Your instructions >>
Leaving out the pictures, reproduce each record exactly and in full.

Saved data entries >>
[Start of section]
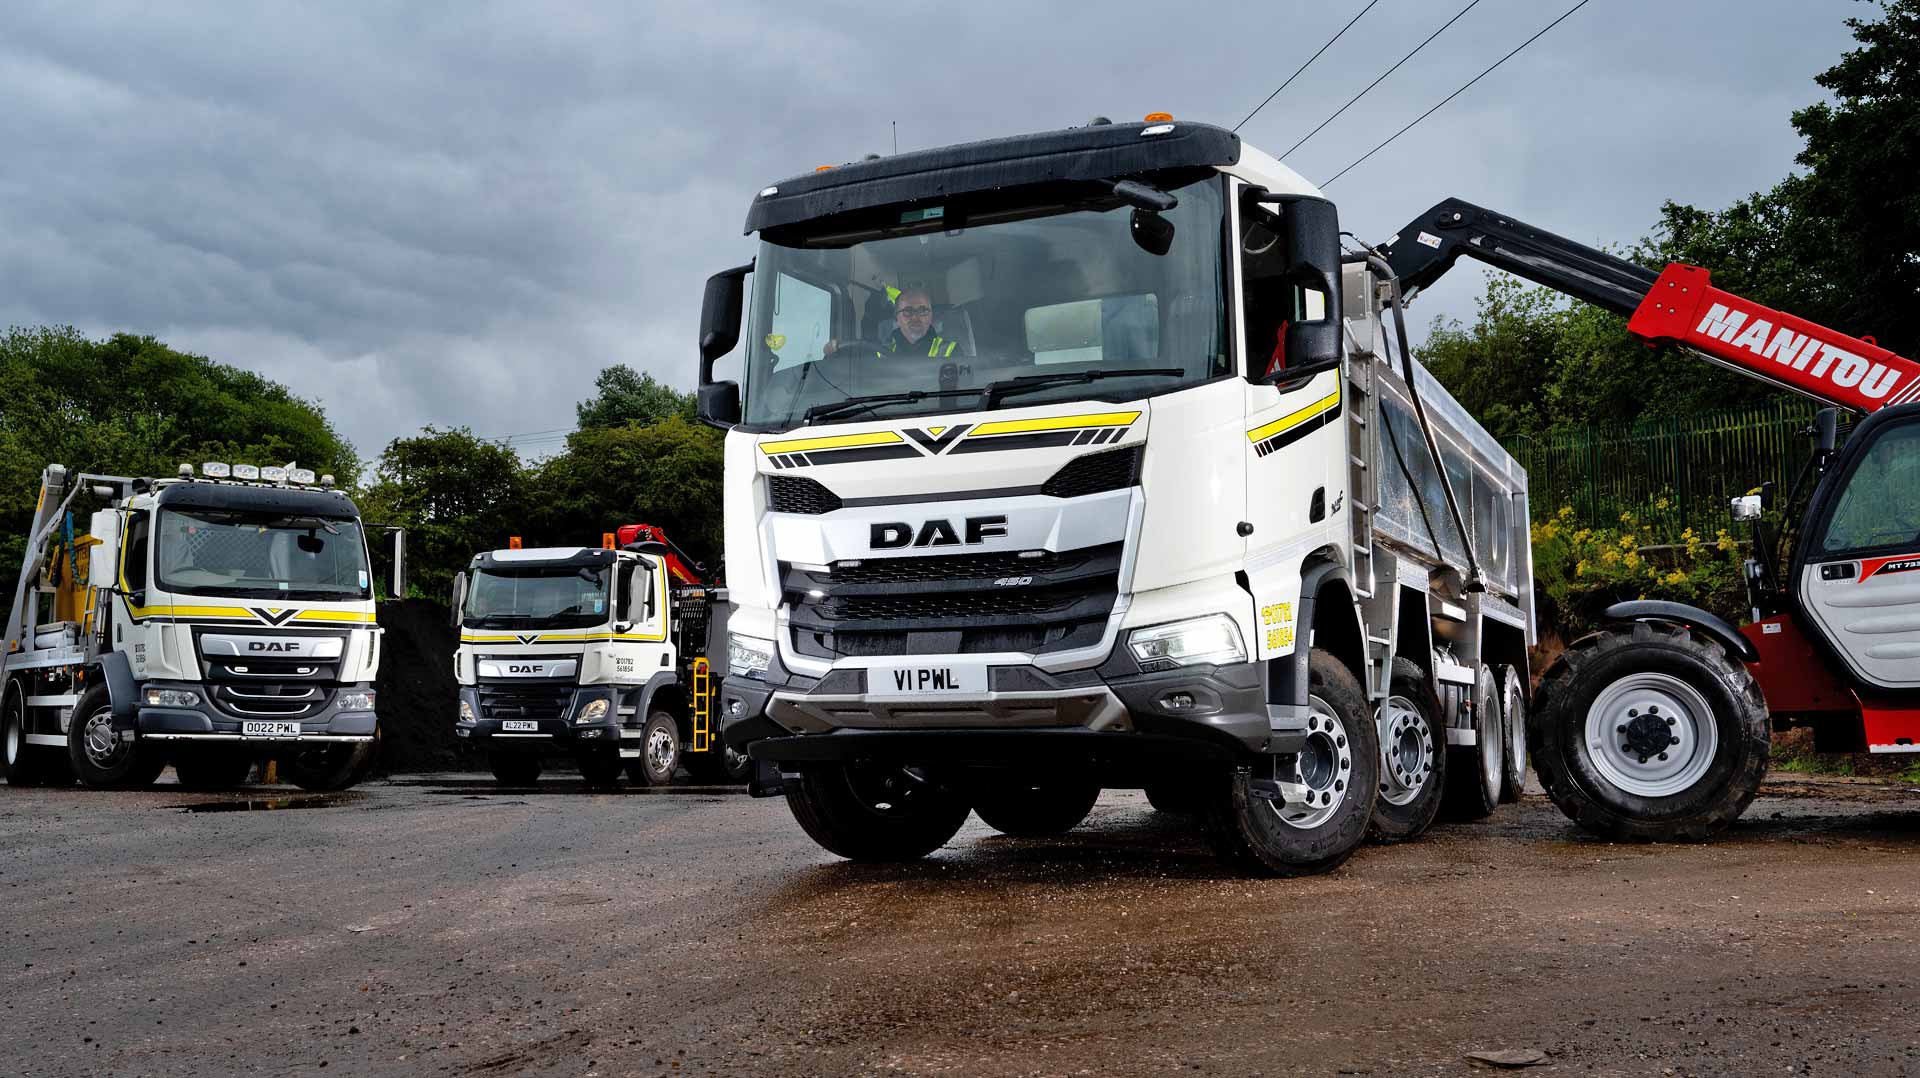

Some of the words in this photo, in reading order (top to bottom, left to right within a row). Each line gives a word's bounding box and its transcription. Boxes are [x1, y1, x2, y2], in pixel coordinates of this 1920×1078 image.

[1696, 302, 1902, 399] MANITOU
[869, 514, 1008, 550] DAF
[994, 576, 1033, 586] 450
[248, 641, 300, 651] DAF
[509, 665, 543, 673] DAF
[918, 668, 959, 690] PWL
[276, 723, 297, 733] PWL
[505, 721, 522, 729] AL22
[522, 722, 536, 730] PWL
[End of section]
Written response >>
Some of the words in this photo, in reading order (top to bottom, left to right within a row). Each line gives a word's bounding box and its transcription. Boxes are [x1, y1, x2, y2], in pixel coordinates of this 1920×1078 image.

[1696, 302, 1902, 399] MANITOU
[869, 514, 1008, 550] DAF
[994, 576, 1033, 586] 450
[248, 641, 300, 651] DAF
[509, 665, 543, 673] DAF
[918, 668, 959, 690] PWL
[276, 723, 297, 733] PWL
[505, 721, 522, 729] AL22
[522, 722, 536, 730] PWL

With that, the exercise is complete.